Sandra Surace and her son Robert, eight, who almost died after eating ice-cream.
Sandra Surace and her son Robert, eight, who almost died after eating ice-cream. Photo: Penny Stephens

A young boy's near-death allergic reaction to ice-cream has led to one of the heaviest fines for a food offence involving allergies in Australia and spurred his mother to campaign for major reforms in the restaurant and catering industry.

A Melbourne magistrates court this month fined a catering company $55,000 for serving Robert Surace, 8, a frozen dessert a waiter ''guaranteed'' was dairy-free. It was, in fact, vanilla ice-cream.

The ''frightening and enduring experience'' led Sandra Surace to call on the food service industry to overhaul its practices when it came to handling allergy requests.

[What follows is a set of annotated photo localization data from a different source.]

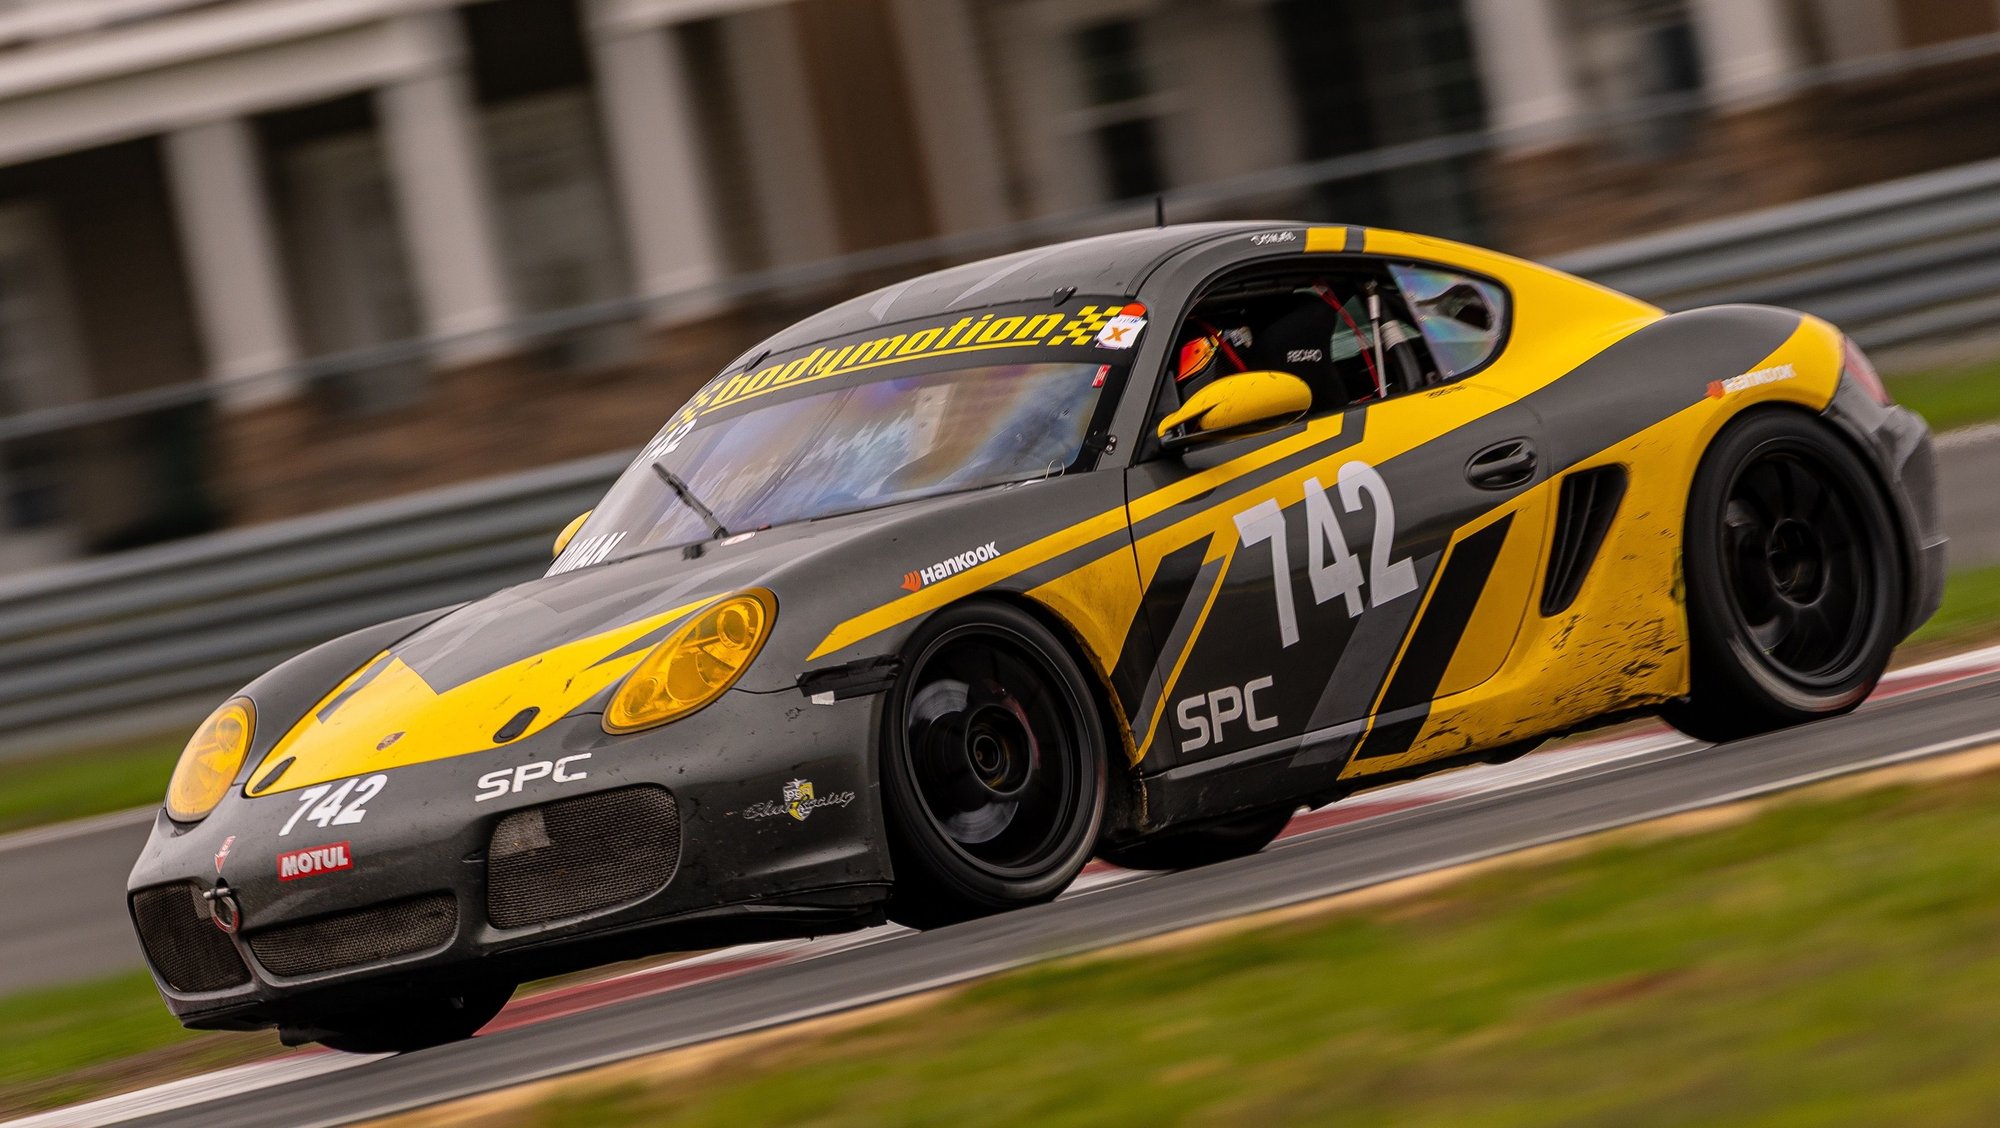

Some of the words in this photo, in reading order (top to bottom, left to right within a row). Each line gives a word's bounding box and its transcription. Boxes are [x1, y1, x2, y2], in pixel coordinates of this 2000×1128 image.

[708, 313, 1065, 407] bodymotion
[632, 418, 697, 472] 742
[1233, 460, 1419, 648] 742
[1177, 675, 1279, 752] SPC
[278, 774, 387, 836] 742
[475, 752, 592, 802] SPC
[281, 846, 349, 878] MOTUL

''My son was violently ill and is still undergoing psychological trauma,'' she said. ''A loss of life, severe illness or brain damage cannot be overlooked due to someone's negligence to follow correct procedures or simply understand [anaphylaxis].''

Robert was at a wedding reception in April when he went into anaphylactic shock with a lick of the ice-cream.

The family, from suburban East Bentleigh had advised the venue of his allergies multiple times before the event and, during the evening, intervened when waiters served Robert pasta with parmesan cheese and steak with gravy.

In the car to the hospital he felt like he was being choked as welts and hives erupted on his body and his eyes and lips ballooned.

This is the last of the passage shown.